• THE PROBLEM: When you transcribe the entries, reproduce every character and exclude the images.

(Collected data)
----------------

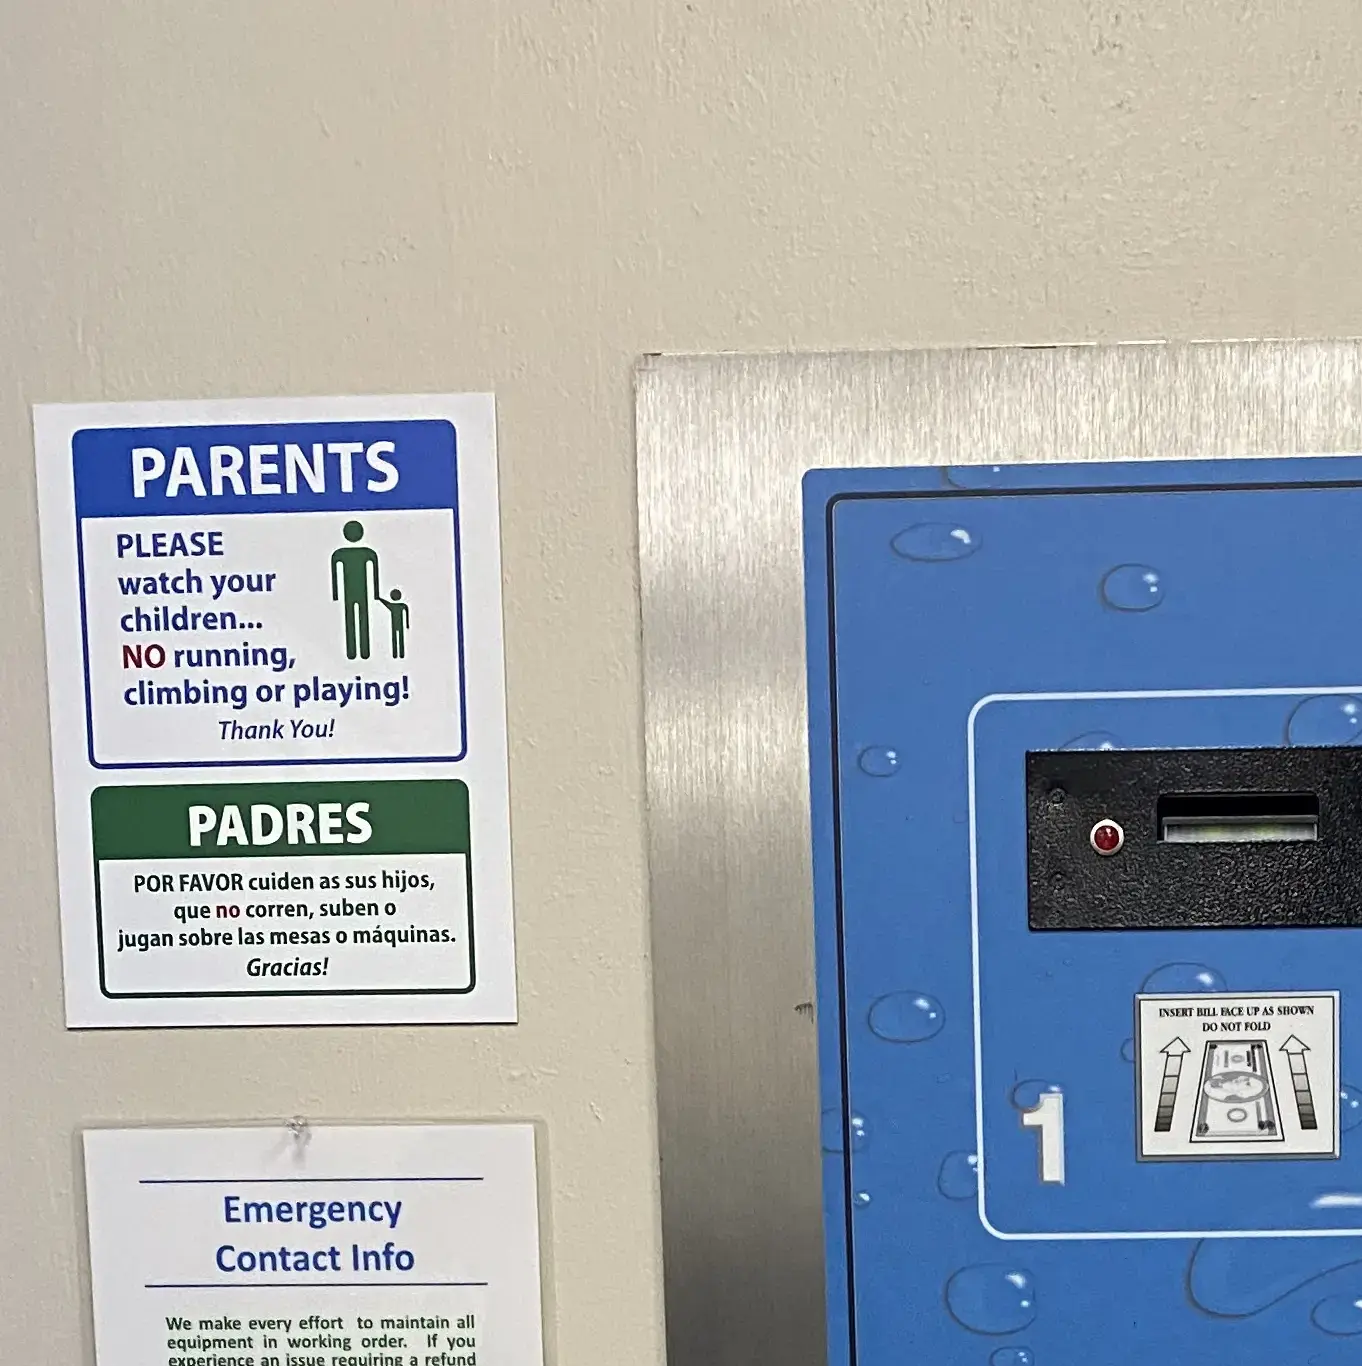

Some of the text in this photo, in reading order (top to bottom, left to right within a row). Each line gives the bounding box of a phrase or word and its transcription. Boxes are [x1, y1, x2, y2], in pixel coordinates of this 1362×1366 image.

[132, 441, 398, 497] PARENTS
[117, 532, 223, 558] PLEASE
[118, 568, 276, 600] watch your
[121, 606, 262, 632] children...
[123, 642, 295, 672] NO running,
[124, 676, 408, 709] climbing or playing!
[219, 719, 334, 739] Thank You!
[189, 802, 372, 846] PADRES
[135, 870, 434, 892] POR FAVOR cuiden as sus hijos,
[174, 898, 396, 923] que no corren, suben o
[118, 925, 455, 952] jugan sobre las mesas o máquinas.
[247, 957, 328, 976] Gracias!
[1159, 1005, 1314, 1018] INSERT BILL FACE UP AS SHOWN
[1202, 1021, 1271, 1032] DO NOT FOLD
[1021, 1092, 1065, 1186] 1
[225, 1196, 401, 1229] Emergency
[217, 1242, 414, 1272] Contact Info
[166, 1315, 474, 1332] We make every effort to maintain all
[168, 1334, 475, 1352] equipment in working order. If you
[261, 1357, 279, 1366] an
[287, 1354, 324, 1366] issue
[410, 1356, 418, 1366] a
[426, 1352, 476, 1366] refund
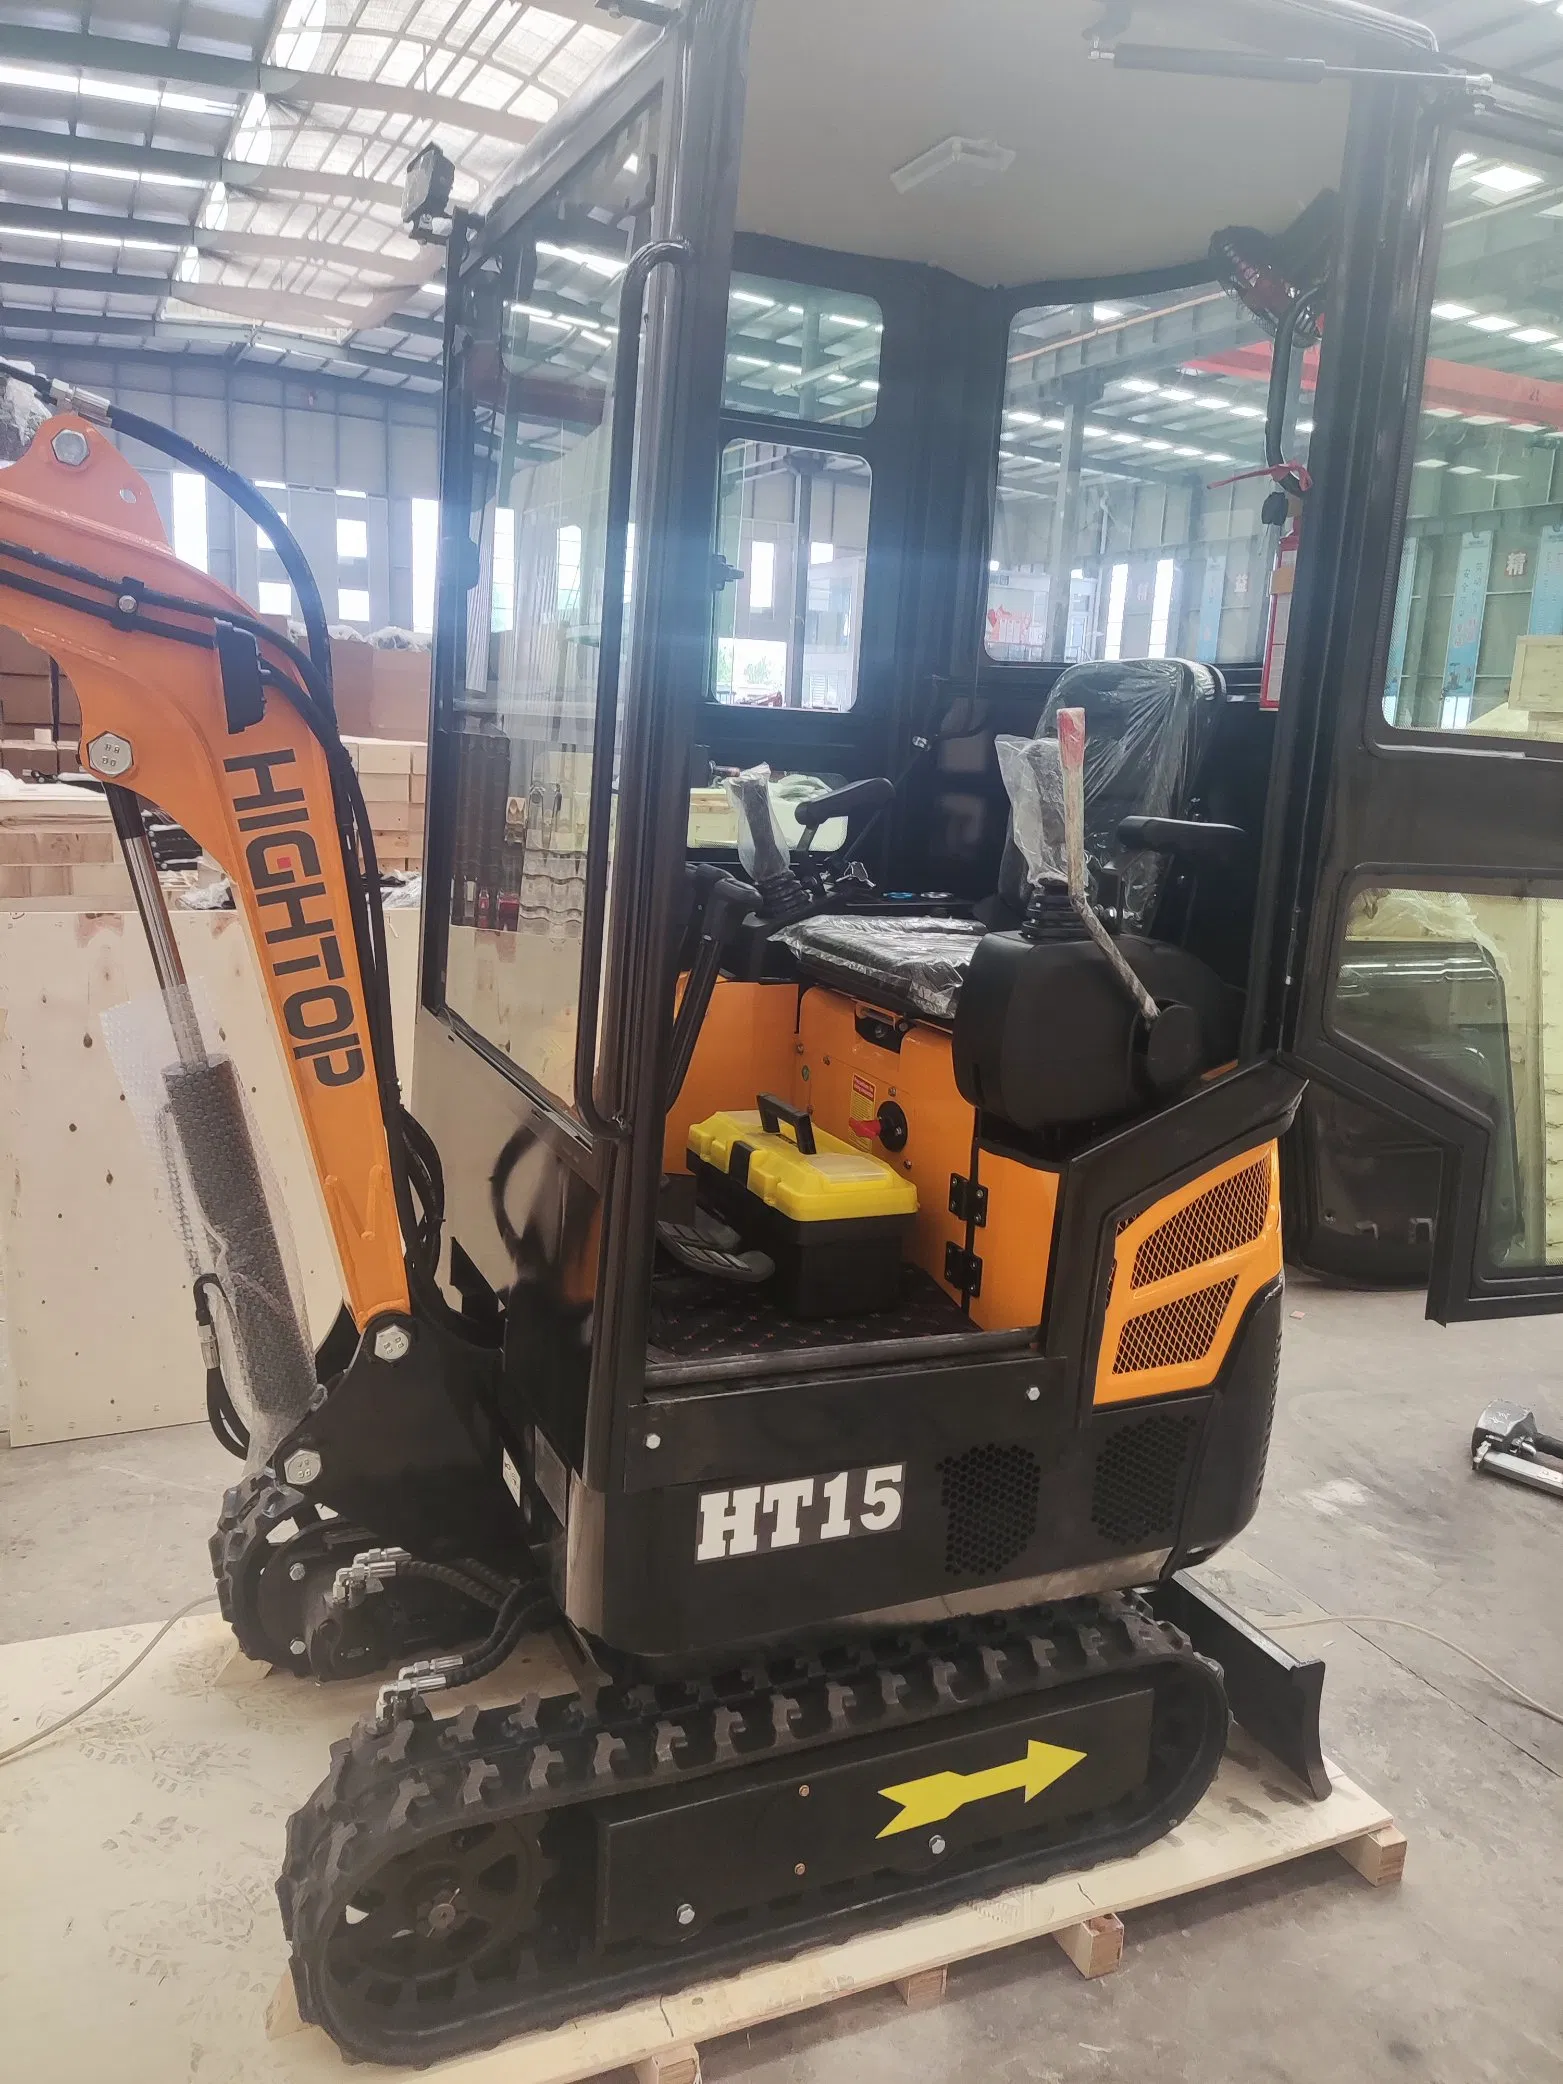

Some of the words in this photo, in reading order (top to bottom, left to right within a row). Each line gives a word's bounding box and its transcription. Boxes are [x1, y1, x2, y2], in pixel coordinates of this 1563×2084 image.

[1506, 551, 1527, 576] 精
[223, 749, 366, 1087] HIGHTOP
[697, 1464, 903, 1561] HT15
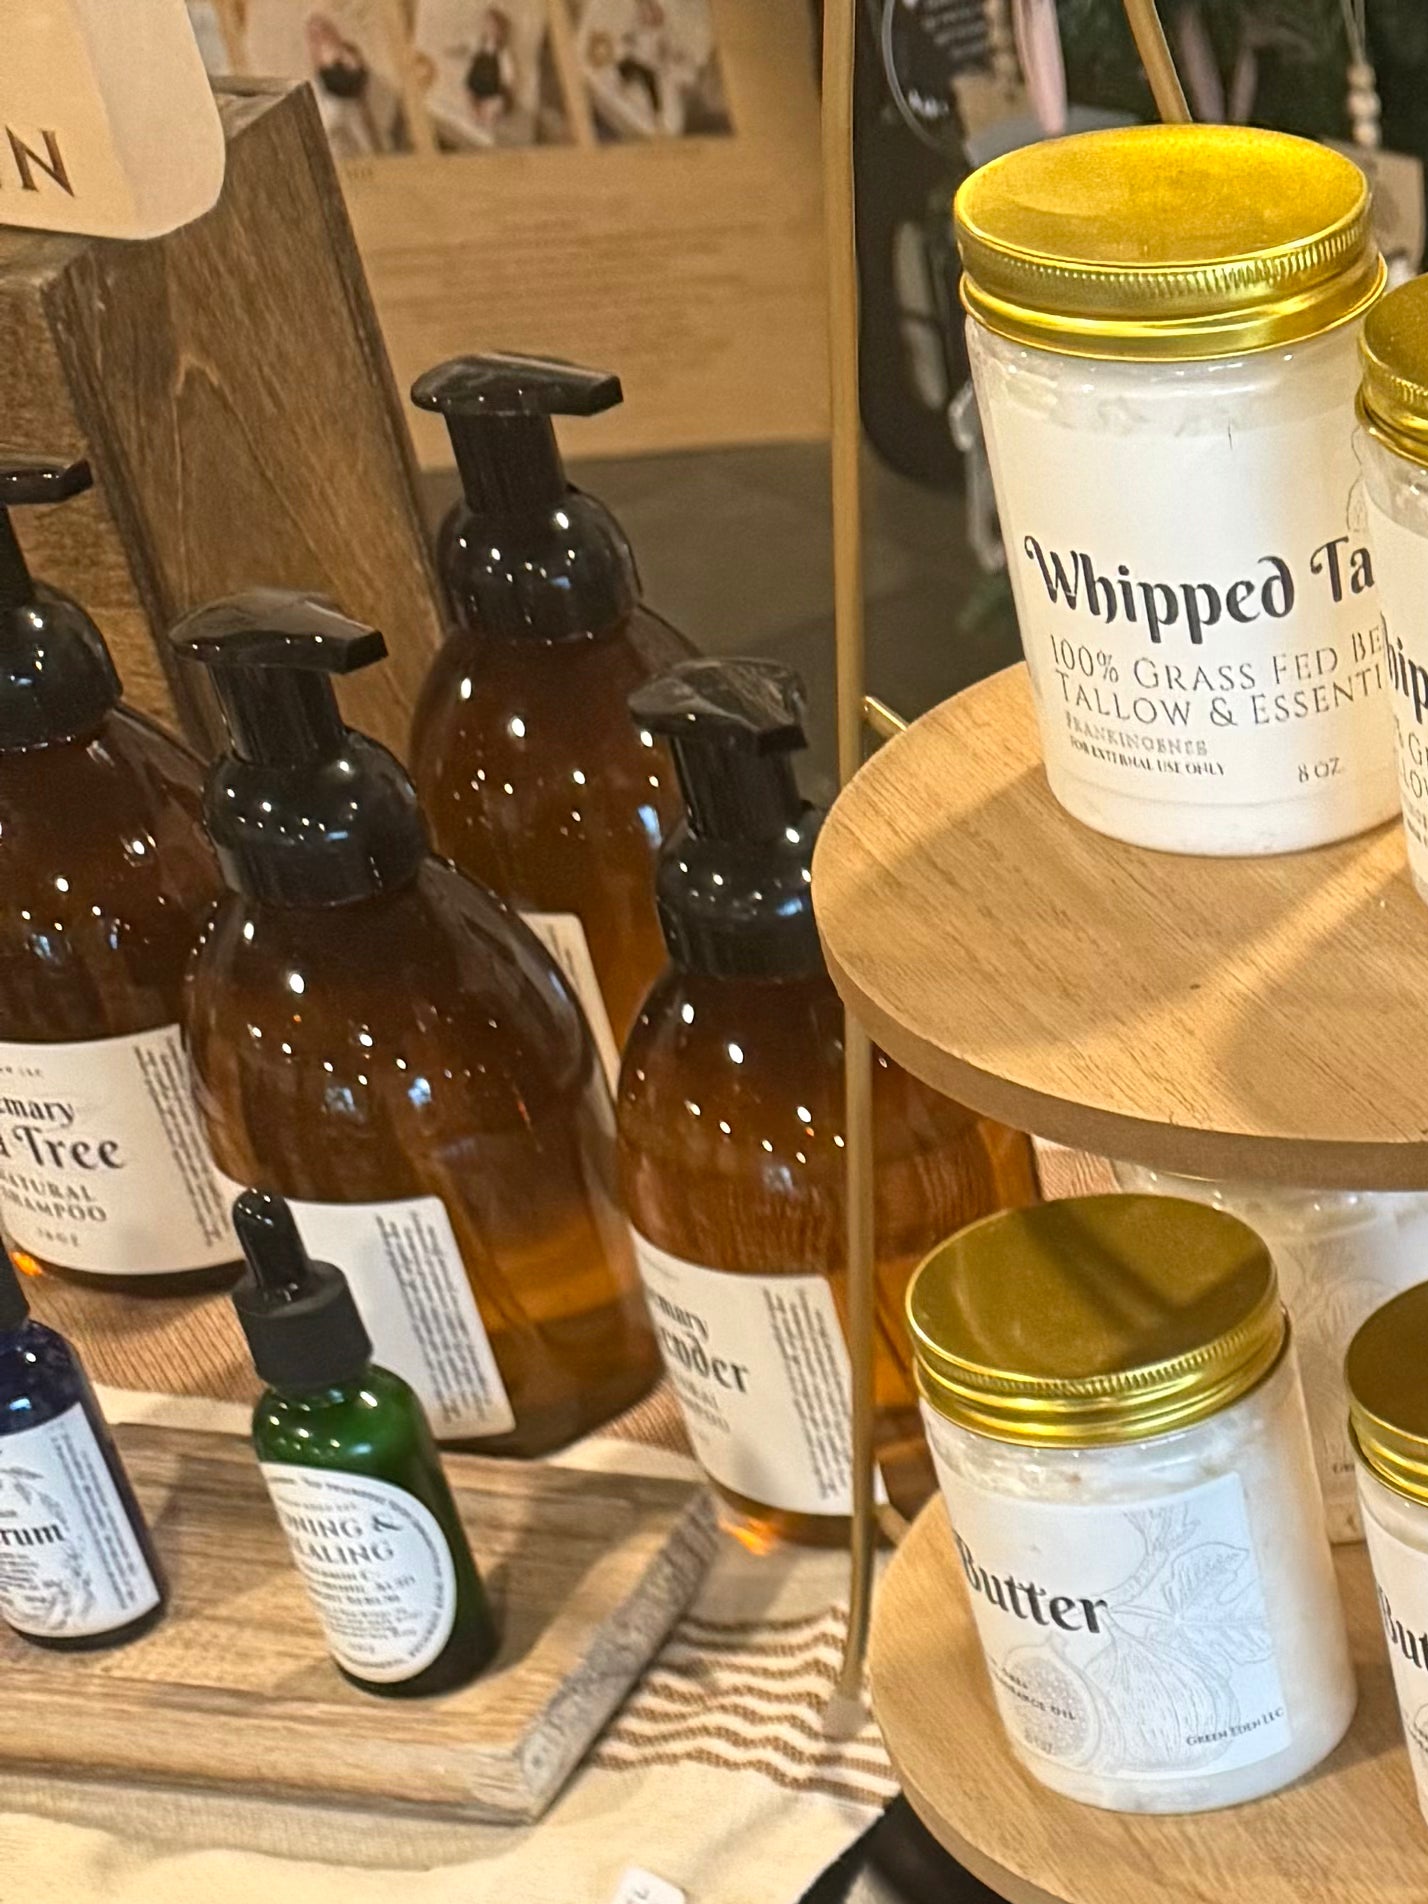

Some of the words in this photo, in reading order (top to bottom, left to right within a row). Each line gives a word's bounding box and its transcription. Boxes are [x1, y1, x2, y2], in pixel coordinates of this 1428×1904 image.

[1024, 535, 1295, 645] Whipped
[1310, 536, 1375, 602] Ta
[1050, 634, 1120, 684] 100%
[1133, 656, 1257, 692] GRASS
[1272, 646, 1339, 685] FED
[1351, 626, 1384, 660] BE
[1055, 667, 1191, 727] TALLOW
[1210, 696, 1238, 727] &
[1251, 663, 1385, 726] ESSENTI
[0, 1097, 75, 1128] mary
[12, 1125, 126, 1170] Tree
[0, 1523, 66, 1546] rum
[952, 1527, 1108, 1634] Butter

----------------

• RESPONSE TO THIS EXERCISE:
Some of the text in this photo, in reading order (top to bottom, left to right within a row). Each line gives the bounding box of a phrase or word and its transcription. Boxes are [x1, y1, x2, y2], in pixel coordinates of this 1362×1366 image.

[132, 441, 398, 497] PARENTS
[117, 532, 223, 558] PLEASE
[118, 568, 276, 600] watch your
[121, 606, 262, 632] children...
[123, 642, 295, 672] NO running,
[124, 676, 408, 709] climbing or playing!
[219, 719, 334, 739] Thank You!
[189, 802, 372, 846] PADRES
[135, 870, 434, 892] POR FAVOR cuiden as sus hijos,
[174, 898, 396, 923] que no corren, suben o
[118, 925, 455, 952] jugan sobre las mesas o máquinas.
[247, 957, 328, 976] Gracias!
[1159, 1005, 1314, 1018] INSERT BILL FACE UP AS SHOWN
[1202, 1021, 1271, 1032] DO NOT FOLD
[1021, 1092, 1065, 1186] 1
[225, 1196, 401, 1229] Emergency
[217, 1242, 414, 1272] Contact Info
[166, 1315, 474, 1332] We make every effort to maintain all
[168, 1334, 475, 1352] equipment in working order. If you
[261, 1357, 279, 1366] an
[287, 1354, 324, 1366] issue
[410, 1356, 418, 1366] a
[426, 1352, 476, 1366] refund

Some of the words in this photo, in reading order (top to bottom, left to right within a row). Each line gives a word's bounding box and its transcription. Boxes are [x1, y1, x2, y2], in pixel coordinates of this 1563×2084 image.

[1506, 551, 1527, 576] 精
[223, 749, 366, 1087] HIGHTOP
[697, 1464, 903, 1561] HT15

Some of the words in this photo, in reading order (top to bottom, left to right within a row). Each line gives a word's bounding box and its transcription. Boxes are [x1, y1, x2, y2], in pixel coordinates of this 1428×1904 image.

[1024, 535, 1295, 645] Whipped
[1310, 536, 1375, 602] Ta
[1050, 634, 1120, 684] 100%
[1133, 656, 1257, 692] GRASS
[1272, 646, 1339, 685] FED
[1351, 626, 1384, 660] BE
[1055, 667, 1191, 727] TALLOW
[1210, 696, 1238, 727] &
[1251, 663, 1385, 726] ESSENTI
[0, 1097, 75, 1128] mary
[12, 1125, 126, 1170] Tree
[0, 1523, 66, 1546] rum
[952, 1527, 1108, 1634] Butter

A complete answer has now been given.